Although there has been a considerable clearance here, this close remains one of the most picturesque in Edinburgh. The tall tenement at the top, which occupies the site formerly owned by Andrew Barthrame (see Historical Note), dates only from the 18th century, and its flats have panelling and fireplaces characteristic of that period. But it includes an older element of which the turnpike on the W. side of the close seems to be substantially apart, as the doorway at the stair foot has a little cornice of 17th-century type. Another doorway immediately to the N. is identical but is an obvious addition to the fragmentary structure behind, which must be dated somewhat earlier in the same century. Again, on the E. side there are two other doorways, also side by side beneath an encorbellment, the lintel of the more northerly one bearing a shield charged: Quarterly, 1st and 4th, a heart; 2nd and 3rd, a rose, and flanked by the initials of Clement Cor and his wife Helen Bellenden (see Historical Note). Below runs the motto SPES ALTERA VITAE (“Another hope of life") 1590. The adjoining lintel also has a shield which bears a merchant's mark and is flanked by the initials C C and the date 1590, the motto below reading BLISSIT BE GOD OF AL HIS GIFTS. The building above has been redressed. The extension on the N., apparently built by Nicol Edgar at some time between 1610 and 1620, has four storeys, of which the lowest three are not later than the 17th century, while the top floor is comparatively modern. The lower openings are chamfered; two windows on the second floor are delicately moulded and the S. one was originally transomed. Some carved stones removed from elsewhere have been let into the modern building farther N. These include a large panel, uncarved but with scalloped edges, which came from Warriston's Close, and five skew-puts of unknown provenance. One seems to bear the initial W, another has a merchant's mark, while three more exhibit coats of arms, respectively: (a) On a chevron between two slips in chief and an illegible charge in base, an illegible charge. This coat may be intended either for Riddell (a chevron between three ears of rye) or for Russell (a chevron between three tadpoles). (b) On a chief three mullets, with the initials D N separated by a heart below. (c) A saltire and chief, for Bruce.
HISTORICAL NOTE.
At one time this alley was known as Cant's Close, and then as Clement Cor's Close (1) until Sir James Stewart of Coltness, Lord Provost in 1648-9 and in 1658-9, went to reside in a house at the foot of the W. side. It was then called Stewart's Close or Provost Stewart's Close after him. The house was inherited and rebuilt by the Lord Provost's son, Sir James Stewart of Goodtrees, and as this Sir James held office as Lord Advocate from 1692 to 1713 the Close was thereafter re-named Advocate's Close.

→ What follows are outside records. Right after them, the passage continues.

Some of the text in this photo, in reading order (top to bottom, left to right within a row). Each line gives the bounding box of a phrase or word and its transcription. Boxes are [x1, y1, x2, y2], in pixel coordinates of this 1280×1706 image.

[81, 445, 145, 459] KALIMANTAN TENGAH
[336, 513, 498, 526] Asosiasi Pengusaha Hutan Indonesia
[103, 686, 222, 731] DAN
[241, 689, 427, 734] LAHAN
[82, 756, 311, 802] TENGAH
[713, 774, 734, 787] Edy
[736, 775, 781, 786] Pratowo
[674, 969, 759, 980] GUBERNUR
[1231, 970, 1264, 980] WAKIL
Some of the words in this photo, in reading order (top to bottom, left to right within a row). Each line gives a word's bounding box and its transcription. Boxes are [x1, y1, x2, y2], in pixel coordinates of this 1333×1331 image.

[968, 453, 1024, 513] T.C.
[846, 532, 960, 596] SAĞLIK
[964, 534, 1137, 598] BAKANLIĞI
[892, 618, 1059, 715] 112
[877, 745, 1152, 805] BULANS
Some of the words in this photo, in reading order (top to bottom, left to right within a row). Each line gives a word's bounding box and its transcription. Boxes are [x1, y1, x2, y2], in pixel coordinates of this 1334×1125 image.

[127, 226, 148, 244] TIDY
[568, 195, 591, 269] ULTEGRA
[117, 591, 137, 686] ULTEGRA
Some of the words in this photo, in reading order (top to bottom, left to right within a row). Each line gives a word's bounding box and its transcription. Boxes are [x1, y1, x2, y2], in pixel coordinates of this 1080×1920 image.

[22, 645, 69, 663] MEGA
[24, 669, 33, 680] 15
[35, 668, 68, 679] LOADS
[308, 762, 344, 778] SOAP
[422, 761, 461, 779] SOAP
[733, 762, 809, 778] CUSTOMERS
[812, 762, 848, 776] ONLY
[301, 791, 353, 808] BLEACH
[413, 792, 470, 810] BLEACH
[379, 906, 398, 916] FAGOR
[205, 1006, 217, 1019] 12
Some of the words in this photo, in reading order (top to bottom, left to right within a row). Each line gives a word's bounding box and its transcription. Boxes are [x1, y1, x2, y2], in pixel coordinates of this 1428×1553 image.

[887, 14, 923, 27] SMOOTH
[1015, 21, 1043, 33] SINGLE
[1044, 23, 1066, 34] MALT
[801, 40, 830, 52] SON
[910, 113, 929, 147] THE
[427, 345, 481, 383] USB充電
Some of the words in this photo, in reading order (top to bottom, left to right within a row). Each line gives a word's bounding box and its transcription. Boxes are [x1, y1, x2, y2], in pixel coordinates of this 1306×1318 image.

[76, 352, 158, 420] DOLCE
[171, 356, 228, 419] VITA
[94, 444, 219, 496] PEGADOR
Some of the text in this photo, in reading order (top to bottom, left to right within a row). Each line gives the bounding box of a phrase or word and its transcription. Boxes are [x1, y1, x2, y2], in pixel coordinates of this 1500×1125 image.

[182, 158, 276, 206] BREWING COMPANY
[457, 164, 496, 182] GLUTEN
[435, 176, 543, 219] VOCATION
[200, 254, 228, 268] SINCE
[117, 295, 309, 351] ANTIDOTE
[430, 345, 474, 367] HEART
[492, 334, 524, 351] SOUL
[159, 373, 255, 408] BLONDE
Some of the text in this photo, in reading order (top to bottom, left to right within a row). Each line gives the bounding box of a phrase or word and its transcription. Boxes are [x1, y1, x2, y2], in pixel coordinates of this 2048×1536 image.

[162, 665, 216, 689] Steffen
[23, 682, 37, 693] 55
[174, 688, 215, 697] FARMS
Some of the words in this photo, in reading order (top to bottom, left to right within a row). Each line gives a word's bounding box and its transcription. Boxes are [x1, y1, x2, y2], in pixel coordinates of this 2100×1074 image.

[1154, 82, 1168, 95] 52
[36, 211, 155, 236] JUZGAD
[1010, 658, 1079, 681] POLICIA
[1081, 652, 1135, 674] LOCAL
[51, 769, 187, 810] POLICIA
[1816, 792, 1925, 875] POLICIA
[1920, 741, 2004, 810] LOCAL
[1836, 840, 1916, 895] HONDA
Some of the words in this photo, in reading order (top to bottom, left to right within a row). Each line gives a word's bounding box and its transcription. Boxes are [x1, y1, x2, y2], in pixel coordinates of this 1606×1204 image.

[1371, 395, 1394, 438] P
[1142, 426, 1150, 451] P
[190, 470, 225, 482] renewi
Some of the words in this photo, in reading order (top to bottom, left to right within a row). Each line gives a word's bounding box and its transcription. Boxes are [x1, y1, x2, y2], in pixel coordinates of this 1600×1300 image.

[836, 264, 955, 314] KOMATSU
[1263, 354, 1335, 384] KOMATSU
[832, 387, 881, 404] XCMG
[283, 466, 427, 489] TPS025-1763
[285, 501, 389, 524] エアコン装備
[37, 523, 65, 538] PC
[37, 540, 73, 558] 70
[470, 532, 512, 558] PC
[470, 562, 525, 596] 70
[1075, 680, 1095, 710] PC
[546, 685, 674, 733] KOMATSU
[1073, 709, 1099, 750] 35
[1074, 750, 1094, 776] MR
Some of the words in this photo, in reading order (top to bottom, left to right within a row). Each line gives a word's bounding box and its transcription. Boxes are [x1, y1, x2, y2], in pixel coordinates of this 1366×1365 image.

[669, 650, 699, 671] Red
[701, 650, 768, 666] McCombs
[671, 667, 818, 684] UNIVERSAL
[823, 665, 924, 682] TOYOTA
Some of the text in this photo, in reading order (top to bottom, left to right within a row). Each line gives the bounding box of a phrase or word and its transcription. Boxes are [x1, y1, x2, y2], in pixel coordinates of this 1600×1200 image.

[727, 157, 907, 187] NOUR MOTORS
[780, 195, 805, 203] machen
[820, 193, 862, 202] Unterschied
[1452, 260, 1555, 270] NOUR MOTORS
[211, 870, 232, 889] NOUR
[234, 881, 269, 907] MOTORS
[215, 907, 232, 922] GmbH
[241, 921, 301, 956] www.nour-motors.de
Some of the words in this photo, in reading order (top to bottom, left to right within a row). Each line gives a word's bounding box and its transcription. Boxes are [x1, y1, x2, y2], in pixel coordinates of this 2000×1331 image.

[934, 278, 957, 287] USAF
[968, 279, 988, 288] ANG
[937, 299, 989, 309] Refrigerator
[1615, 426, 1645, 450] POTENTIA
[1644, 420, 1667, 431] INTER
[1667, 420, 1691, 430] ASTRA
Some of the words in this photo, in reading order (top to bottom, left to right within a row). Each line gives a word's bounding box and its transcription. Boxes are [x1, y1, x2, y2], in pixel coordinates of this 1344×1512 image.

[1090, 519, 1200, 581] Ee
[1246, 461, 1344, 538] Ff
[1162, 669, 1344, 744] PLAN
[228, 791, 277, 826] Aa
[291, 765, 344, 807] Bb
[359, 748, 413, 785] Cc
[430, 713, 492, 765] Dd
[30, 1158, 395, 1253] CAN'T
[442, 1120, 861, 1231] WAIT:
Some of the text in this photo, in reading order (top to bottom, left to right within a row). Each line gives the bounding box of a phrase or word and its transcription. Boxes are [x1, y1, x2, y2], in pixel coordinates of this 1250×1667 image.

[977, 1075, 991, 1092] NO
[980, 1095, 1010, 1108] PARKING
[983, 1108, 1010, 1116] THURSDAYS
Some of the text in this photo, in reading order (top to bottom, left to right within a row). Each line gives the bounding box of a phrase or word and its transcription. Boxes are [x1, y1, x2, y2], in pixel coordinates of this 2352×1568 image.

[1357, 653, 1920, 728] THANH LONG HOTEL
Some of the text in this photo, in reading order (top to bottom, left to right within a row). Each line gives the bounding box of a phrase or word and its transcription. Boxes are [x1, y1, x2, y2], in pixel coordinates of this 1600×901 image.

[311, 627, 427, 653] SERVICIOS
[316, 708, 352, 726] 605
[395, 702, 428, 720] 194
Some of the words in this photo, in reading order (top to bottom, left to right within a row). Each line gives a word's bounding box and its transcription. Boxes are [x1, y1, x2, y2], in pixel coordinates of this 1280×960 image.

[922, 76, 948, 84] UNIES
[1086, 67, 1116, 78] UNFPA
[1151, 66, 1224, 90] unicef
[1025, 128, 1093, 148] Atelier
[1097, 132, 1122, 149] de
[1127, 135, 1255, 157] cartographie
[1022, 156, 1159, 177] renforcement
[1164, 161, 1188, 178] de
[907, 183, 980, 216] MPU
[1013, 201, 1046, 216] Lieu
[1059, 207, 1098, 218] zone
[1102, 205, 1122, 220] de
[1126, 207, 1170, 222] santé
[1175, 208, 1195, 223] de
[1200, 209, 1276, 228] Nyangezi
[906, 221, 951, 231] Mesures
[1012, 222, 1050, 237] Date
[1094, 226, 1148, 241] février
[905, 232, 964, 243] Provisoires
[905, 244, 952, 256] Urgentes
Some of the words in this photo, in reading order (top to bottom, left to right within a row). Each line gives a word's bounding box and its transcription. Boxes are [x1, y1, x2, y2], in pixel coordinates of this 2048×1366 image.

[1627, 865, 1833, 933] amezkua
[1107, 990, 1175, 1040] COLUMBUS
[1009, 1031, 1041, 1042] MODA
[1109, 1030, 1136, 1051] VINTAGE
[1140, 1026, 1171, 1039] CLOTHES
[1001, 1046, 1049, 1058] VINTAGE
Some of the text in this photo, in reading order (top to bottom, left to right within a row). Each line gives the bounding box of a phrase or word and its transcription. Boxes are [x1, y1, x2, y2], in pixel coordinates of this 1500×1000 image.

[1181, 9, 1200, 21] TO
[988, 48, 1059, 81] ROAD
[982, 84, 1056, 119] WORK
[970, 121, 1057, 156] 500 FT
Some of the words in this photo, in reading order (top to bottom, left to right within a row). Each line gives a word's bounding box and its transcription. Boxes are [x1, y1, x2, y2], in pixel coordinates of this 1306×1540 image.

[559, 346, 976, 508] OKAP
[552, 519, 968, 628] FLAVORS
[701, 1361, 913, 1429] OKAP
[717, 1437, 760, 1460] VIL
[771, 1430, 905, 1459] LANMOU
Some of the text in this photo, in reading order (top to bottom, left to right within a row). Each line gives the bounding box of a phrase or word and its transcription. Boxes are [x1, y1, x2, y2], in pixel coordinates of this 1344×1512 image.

There is every reason to suppose that the Close suffered in Hertford's raid of 1544. In 1562, at all events, Symon Johnestoun granted John Murdo, shoemaker and burgess of Edinburgh, a charter of his waste and burnt land (meam terram nunc vastamet combustam) lying within the tenement of land of the late Henry Cant on the E. part of the transe of the same. In 1579 John Murdo in his turn granted a charter to Clement Cor of Reidwalls conveying the waste lands of the late Andrew Murdo on the E. side of Cant's Close. Since 1566 Cor had been a burgess and guild brother of Edinburgh. He became Dean of Guild in 1588, and bailie between 1589 and 1595. By his wife Helen Bellenden he had four daughters, Margaret, Isobel, Bessie and Janet. Towards the close of the century he seems to have retired to St. Andrews, and when he died in 1608 he was buried in the cathedral churchyard there. (2) In 1590 Cor built his house upon the S. half of his property in Cant's Close, the property of the late Andrew Barthrame separating it from the street. So far as can be ascertained, the building seems to have been of either four or five storeys, with a separate house upon every floor except the lowest one which was first used as a stable and latterly divided into two cellars. The residential portion was approached by a forestair, whence the ascent was continued by a turnpike at each end of the building. The accommodation upon the first floor included a hall, a study, two chambers, a kitchen and a cellar.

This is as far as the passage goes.